Why does ZeroNet not host their website on ZeroNet and uses a .bit domain?
Downloading the client for the first time would be a tad inconvenient...
I can bet my 0.1000 bitcoins that news headlines will pop up soon as follows: "China bans ZeroNet" :) Wait & see...
I don't know whether it is banned there or not, but when you join ZeroMe (zeronet's decentralized twitter) you quickly realized how it's populated with chinese sites and profiles
Is anyone else concerned that this will enable hate groups to more easily collaborate and grow?
There is a challenge of balance which exists between the two extremes of reliable and censorship resistant infrastructure and responsible and balanced control of the information published on it, as it relates to the health of a group of citizens. For good or bad, the censorship resistant infrastructure piece is coming at us like a freight train in a variety of ways. What is currently needed is a balance in the way we implement the infrastructure such that some information may be segregated from the greater population using variable value assessment.

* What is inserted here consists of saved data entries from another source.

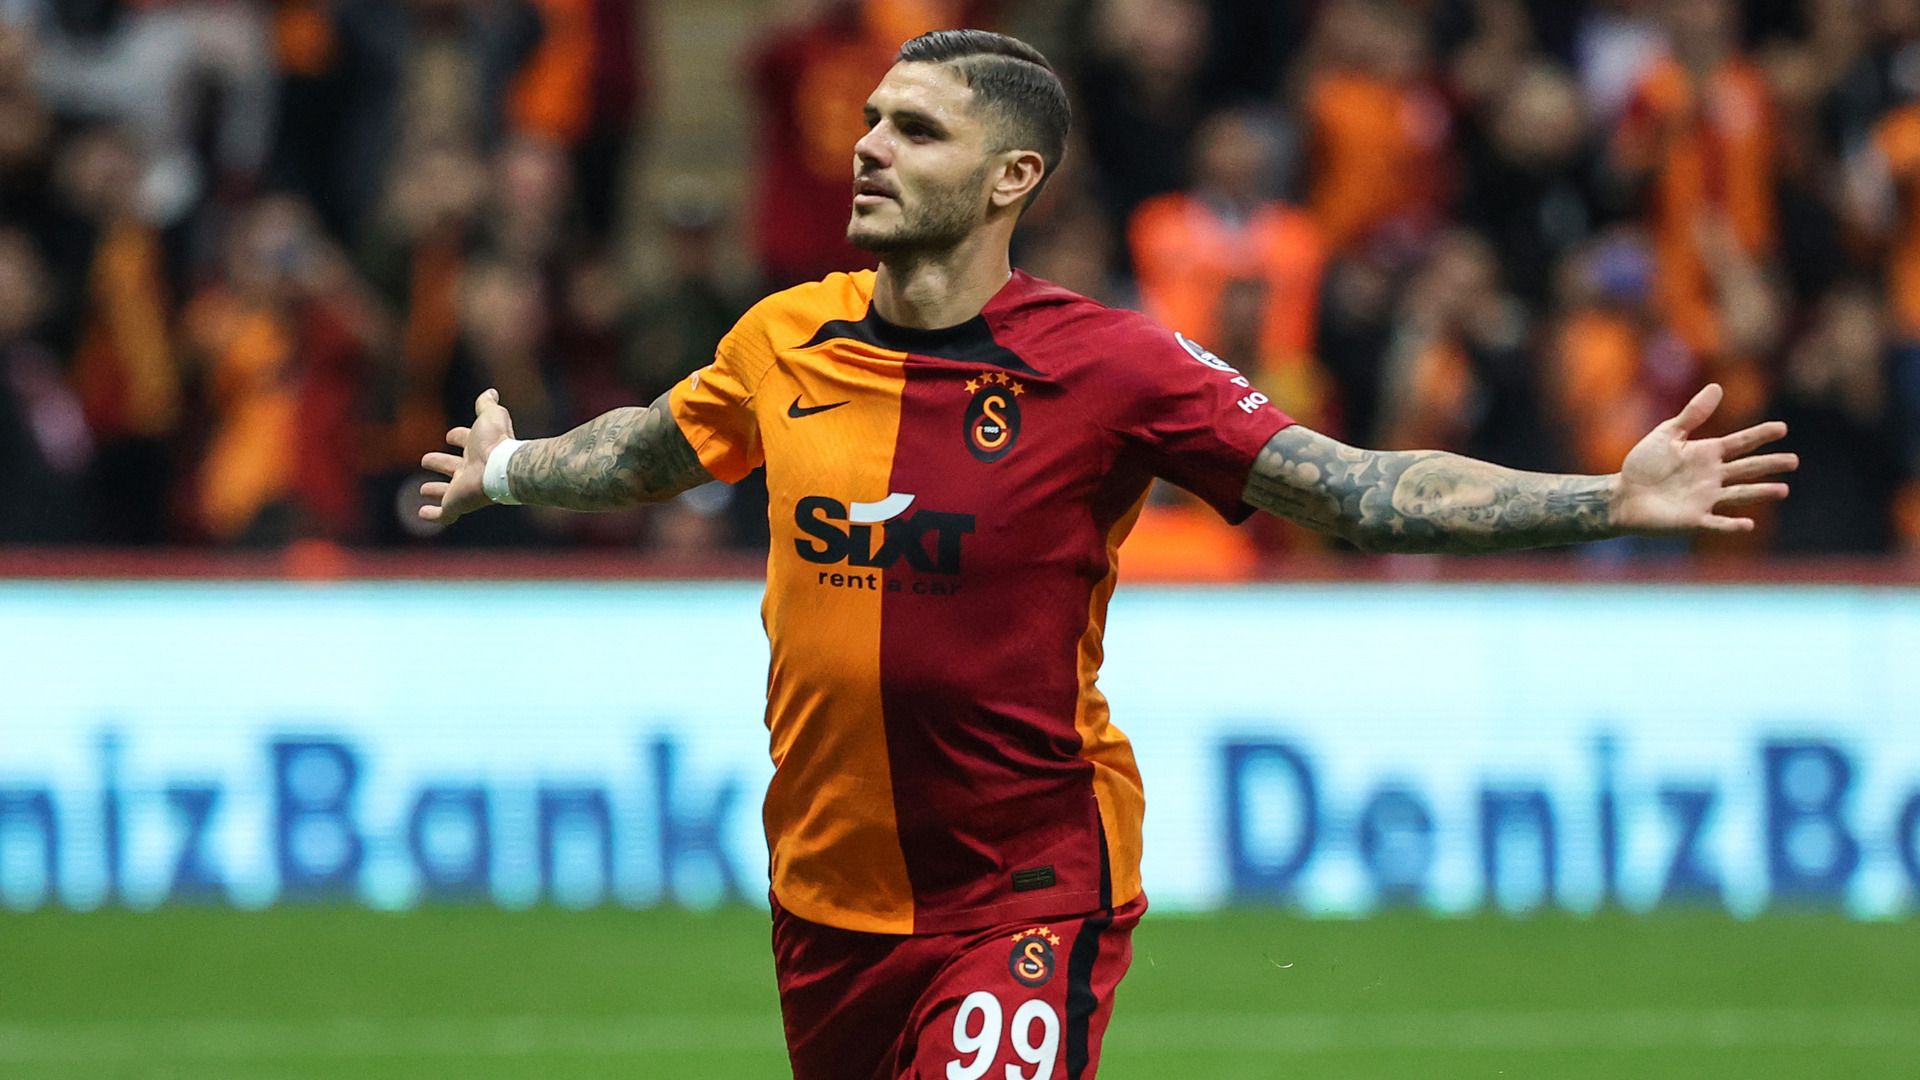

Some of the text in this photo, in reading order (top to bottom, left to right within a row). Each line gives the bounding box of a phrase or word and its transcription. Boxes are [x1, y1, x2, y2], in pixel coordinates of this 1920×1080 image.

[818, 571, 962, 597] rent a car
[946, 991, 1060, 1080] 99
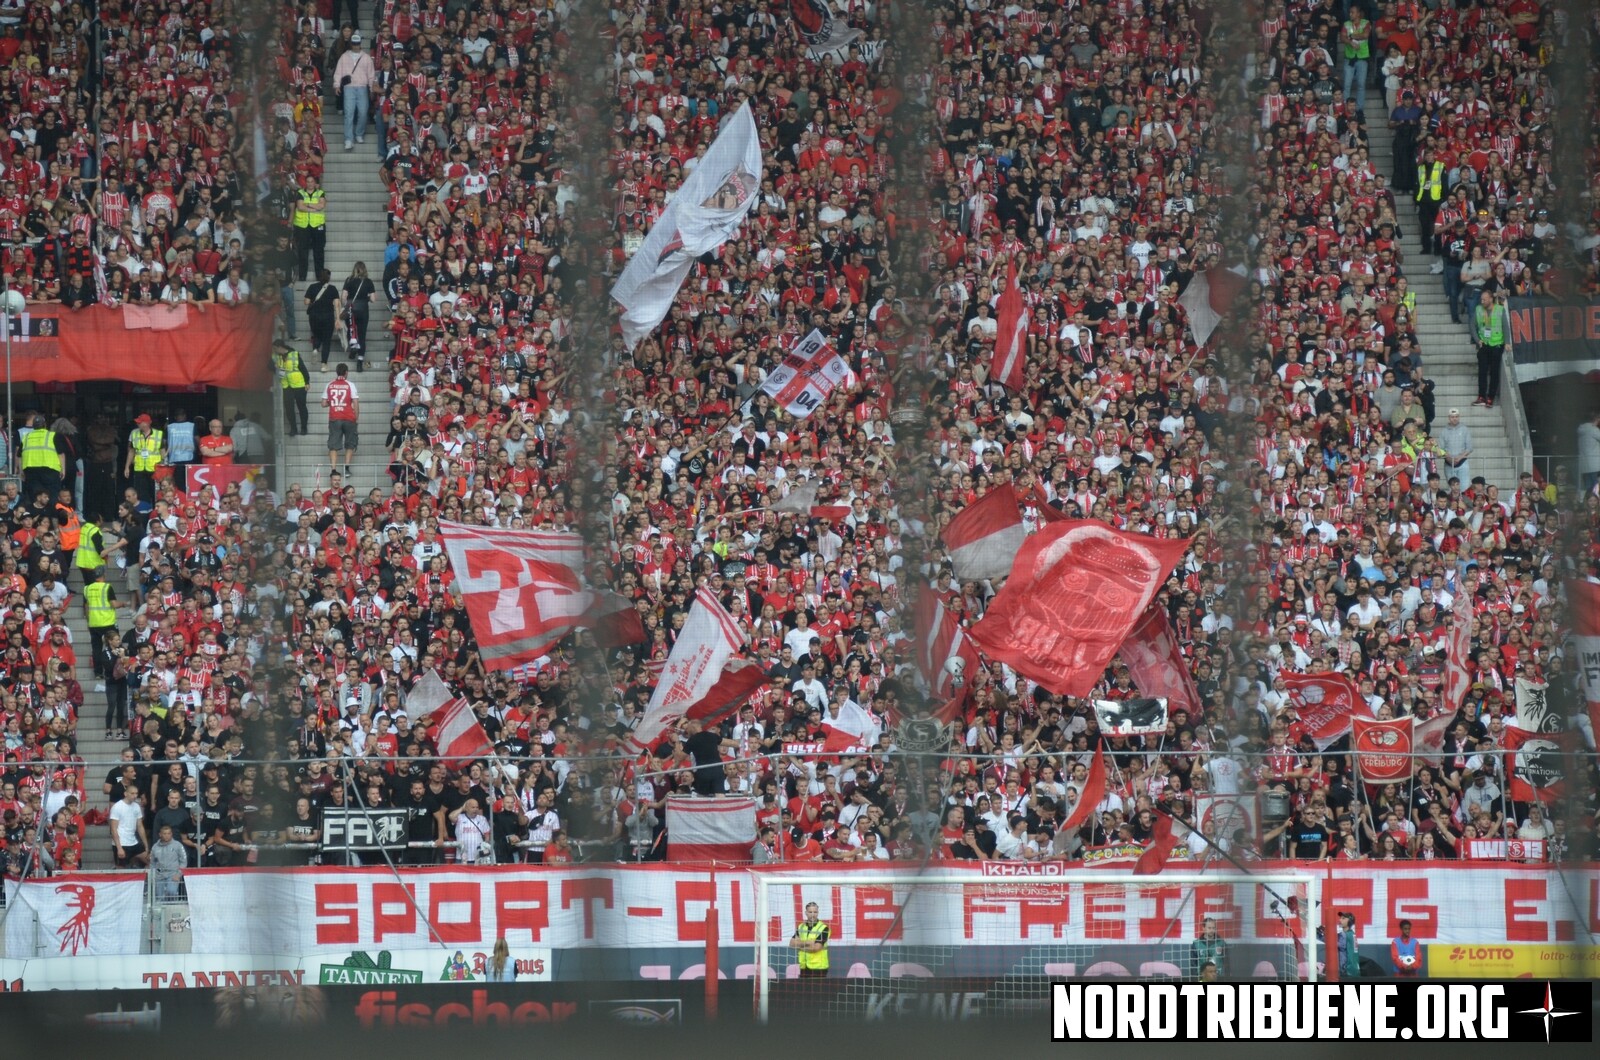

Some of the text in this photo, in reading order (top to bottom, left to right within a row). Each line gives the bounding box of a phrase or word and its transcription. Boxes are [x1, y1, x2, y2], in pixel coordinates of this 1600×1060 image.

[1511, 306, 1600, 343] NIEDE
[801, 341, 820, 355] 19
[330, 389, 347, 407] 32
[795, 391, 819, 411] 04
[1364, 758, 1403, 767] FREIBURG
[1518, 767, 1561, 776] INTRNATIONAL
[988, 864, 1059, 876] KHALID
[315, 878, 904, 944] SPORT-CLUB
[963, 878, 1438, 940] FREIBURG
[1468, 948, 1514, 960] LOTTO
[324, 968, 418, 985] TANNEN
[355, 989, 577, 1028] fischer

The logic goes, if some information is more valuable shared privately, then the infrastructure should make it harder to access. Conversely, if some information is more valuable shared publicly, the infrastructure should make it easier to access.

To do this effectively/efficiently, information must become a market commodity and have a means by which the value to access it is governed by the consensus of the viewers. This is made difficult given information may be easily copied by individuals and the current state of affairs with sharing things over social media and the problems with group think.

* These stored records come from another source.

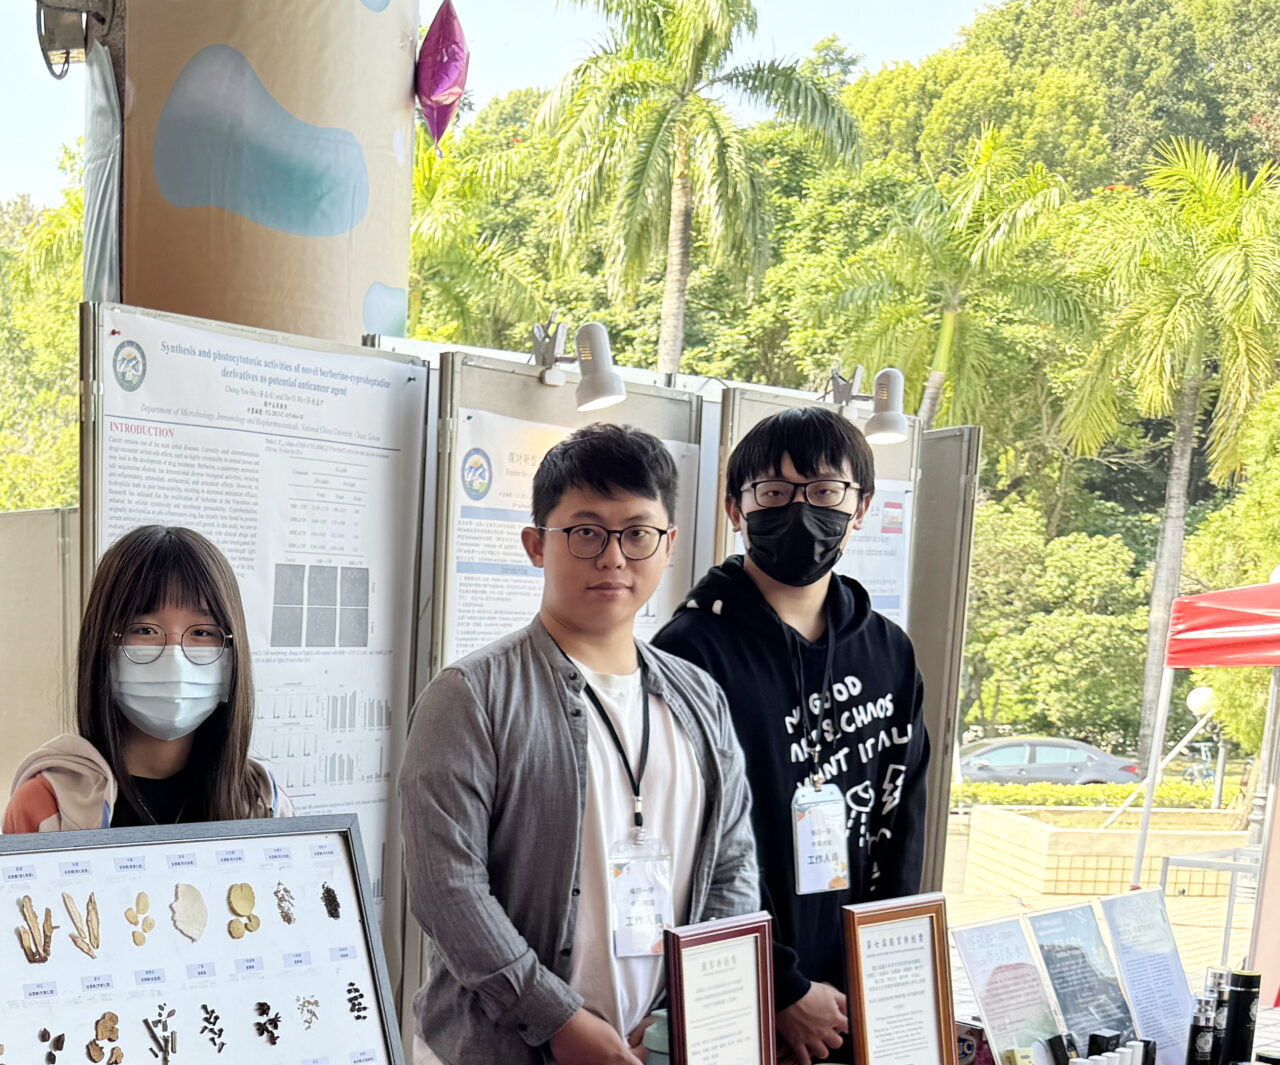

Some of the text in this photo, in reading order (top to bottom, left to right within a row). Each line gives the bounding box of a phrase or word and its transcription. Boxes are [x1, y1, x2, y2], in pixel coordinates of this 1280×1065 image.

[160, 340, 197, 356] Synthesis
[197, 348, 211, 359] and
[263, 358, 292, 372] activities
[293, 363, 301, 374] of
[301, 366, 319, 377] novel
[221, 366, 347, 396] derivatives as potential anticancer agent
[110, 421, 174, 438] INTRODUCTION
[840, 693, 894, 732] CHAOS

I would note that "hate groups" are groups who focus on removing choice for others by way of introducing thoughts and ideas which act in a viral manner in the population. Double binds are one form of passive coercion which have made a reappearance within the (cheap) available social media offerings.

I'm much more concerned about hate groups being silenced.
Do you believe hate has ever been truly silenced at any point in history? Would you prefer to not know it exists and what it is saying to other people?
It's a possible problem sure but the same issue exists in anything that protects privacy and aims to prevent state censorship. E2E encryption protects activists but can also be used by criminals. Tor provides routes around censorship in repressive countries but there's some really nasty stuff hosted on it's anonymous web. There's no way to design a tool like this that can distinguish between 'good' and 'bad' uses of itself.
This is very similar to maidsafe. Except maidsafe pays you for hosting. Does this?
ZeroNet does not pay you for hosting. Maidsafe is more file storage, ZeroNet is more about distributed site sharing. ZeroNet could be implemented on top of Maidsafe but not vice versa. There's also the fact that ZeroNet works today, has been working for a year or two, whereas Maidsafe is still in test stages.
You should be investing in Namecoin if you believe in a decentralized web structure.
How is this different than FreeNet?
FreeNet is a distributed key/value store. It can be used to store files by storing the contents of the file under a key that is the hash of the file content. Generally you operate on Freenet at the level of keys and values.

ZeroNet operates at the level of sites. Sites contain multiple files. Seeding of data happens at the site level.

You could implement ZeroNet on top of Freenet but implementing Freenet on top of ZeroNet wouldn't make much sense.

When inserting new data, Freenet pushes data out to nodes. ZeroNet pulls data from requestors. With Zeronet you can't disconnect your node until other nodes have a complete copy if you want the data to remain available. It is difficult to tell when it is safe to do this. With Freenet the data isn't stored on your own node, it is pushed out to other nodes when first inserting. When the insert completes you know you can safely turn off your node. The data remains available.